Since his first strange episode with dizziness and slowed heart rate that sent him to the emergency room, there has been a lot of prayer surrounding him. My thankfulness for the prayers and support that follows us literally all over the world is unwavering. I'm amazed at the people who I cherish so dearly, whose emails or texts really do deeply brighten my day and calm any fear or unease stirring. I am deeply deeply grateful.
But I will state raw honesty to say such a cloud of prayer makes me feel uneasy. Such a cloud hung over us during Mom's cancer. In a month, it will be 6 years since she entered golden gates. Walking down hospital hallways, even for the most minor of surgeries, brings back truly horrible memories. I find as I grow older, those who I cling onto in seasons of change, terror, and challenge are those who stood as giants next to me in that time. It's those who I don't need to tell about the brick in my pocket, making everything weigh heavier than it should, than it would for someone else.
I am grateful for all the unspoken words that have gone back and forth between me and that special crowd, and I will continue to honor our friendship in any way that I can.

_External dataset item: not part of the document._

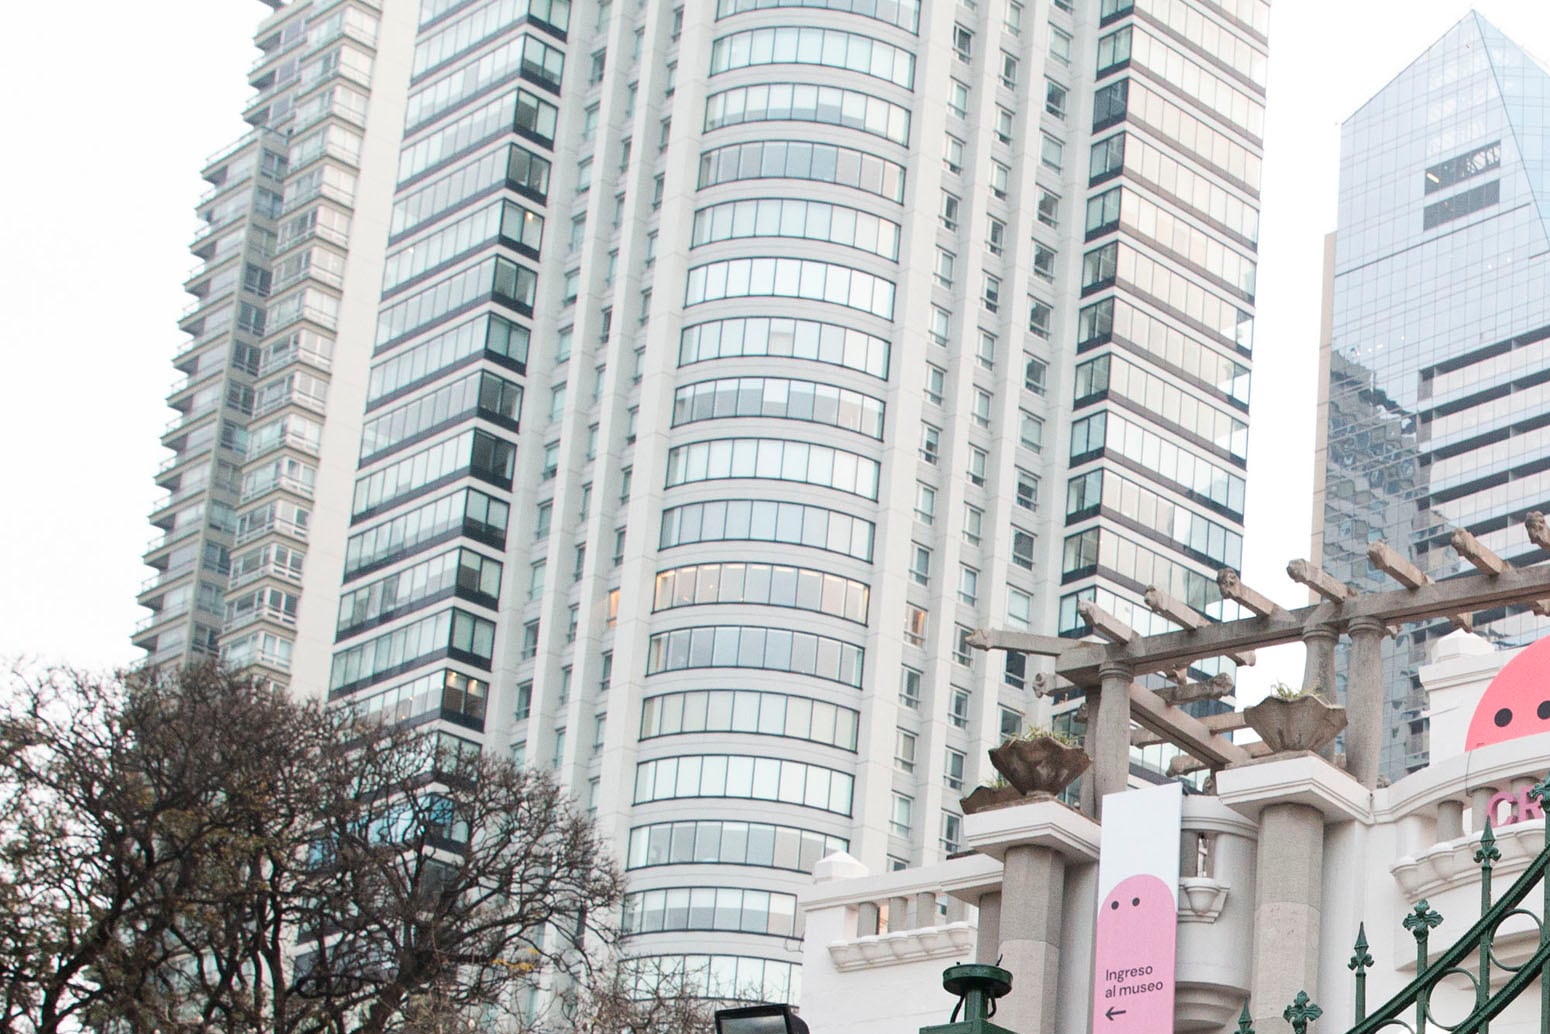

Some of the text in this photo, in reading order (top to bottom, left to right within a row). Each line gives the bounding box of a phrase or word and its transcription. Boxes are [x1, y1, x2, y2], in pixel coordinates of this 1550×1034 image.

[1105, 965, 1153, 982] Ingreso
[1105, 981, 1163, 999] al museo

The North Atlanta family, my closest sorority sisters, our dearest adopted family in Oregon... wow, we have so much love for y'all. 
This is not to say that we don't have some great support out here in California, but times like this, it is tremendously clear to me that real home is Atlanta. No one has showed up with a casserole! Real home is this nonexistent place where all of you are scattered. 
I've witnessed some crazy prayers prayed this last year. From boldly asking for healing, direction, confirmation, arrest of perpetrators, for a Judge to grant a case, for scholarship, for grades, for safety... and I've also seen answers in the wildest of places.

A friend recently inspired me by listening to God in what seemed like an impossible way. People always talk about the "power of prayer" like it is some bold, mystical way of God responding to us. It is. But it is so much more than that. It is, if you really believe, His way of hearing us, smiling and saying, "if you mean that, then watch this!" Or perhaps other times, He hears and responds by gently shaking his head as he looks at the mural of our lives and says, "oh no, this is what you actually need instead." The power, is not in our prayer, its in God's ability to answer it. And what power He has! Thus, what courage we must have to ask Him to use such power to respond to our requests and our questions.

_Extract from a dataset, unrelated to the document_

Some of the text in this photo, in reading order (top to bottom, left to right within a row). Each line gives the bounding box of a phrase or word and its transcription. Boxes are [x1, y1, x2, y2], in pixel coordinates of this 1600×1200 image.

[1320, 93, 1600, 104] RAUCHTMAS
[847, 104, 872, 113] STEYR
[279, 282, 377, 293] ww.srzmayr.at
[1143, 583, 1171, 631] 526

The invisible prayer cloud on Thursday must have been the reason why the Dr implanted the pacemaker underneath Dad's pectoral muscle instead of under his skin. This Dr probably did 20 pacemaker implantation surgeries on that day alone, and of all he has done in his career, easily 90+% have been under the skin. But after just a few minutes of speaking with us, he went in, against his routine and put it under the muscle so it would not interfere with scuba diving gear, a guitar strap, his backpack he uses to travel, or a gun strap when hunting. We were really thrilled, and it comes at a cost of high pain in the short term. A price he is willing to pay to preserve his lifestyle and his many hobbies.
I can't imagine that anyone prayed for the Dr to put the pacemaker under the muscle. But I can imagine that people, possibly hundreds, prayed for the Dr to have guidance, to perfectly perform the surgery, for Dad to be able to return to his normal lifestyle...
Makes me think this tag line would look good on a poster in a Sunday school classroom: "Careful what you pray for kids, you just might get it!"

"This is my prayer in the desert, when all that's within me feels dry
This is my prayer in my hunger and need, MY GOD IS THE GOD WHO PROVIDES!
This is my prayer in the fire, in weakness or trial or pain: There is a faith proved of more worth than gold, SO REFINE ME LORD THROUGH THE FLAME. 
I will bring praise, no weapon formed against me shall remain. 
I will rejoice, I will declare, 'God is my victory and HE IS HERE!'
And this is my prayer in the battle, when triumph is still on it's way: I am a conqueror and co-heir with Christ!
All of my life, in every season, you are still God, I have a reason to sing, I have a reason to worship
And this is my prayer in the harvest, when favor and providence flow- 
I KNOW I'M FILLED TO BE EMPTIED AGAIN, the seed I've received I will sow."
-Desert Song, Hillsong

1 comment:

  1. This is so good. Such a faith-builder! Thank you Stephanie!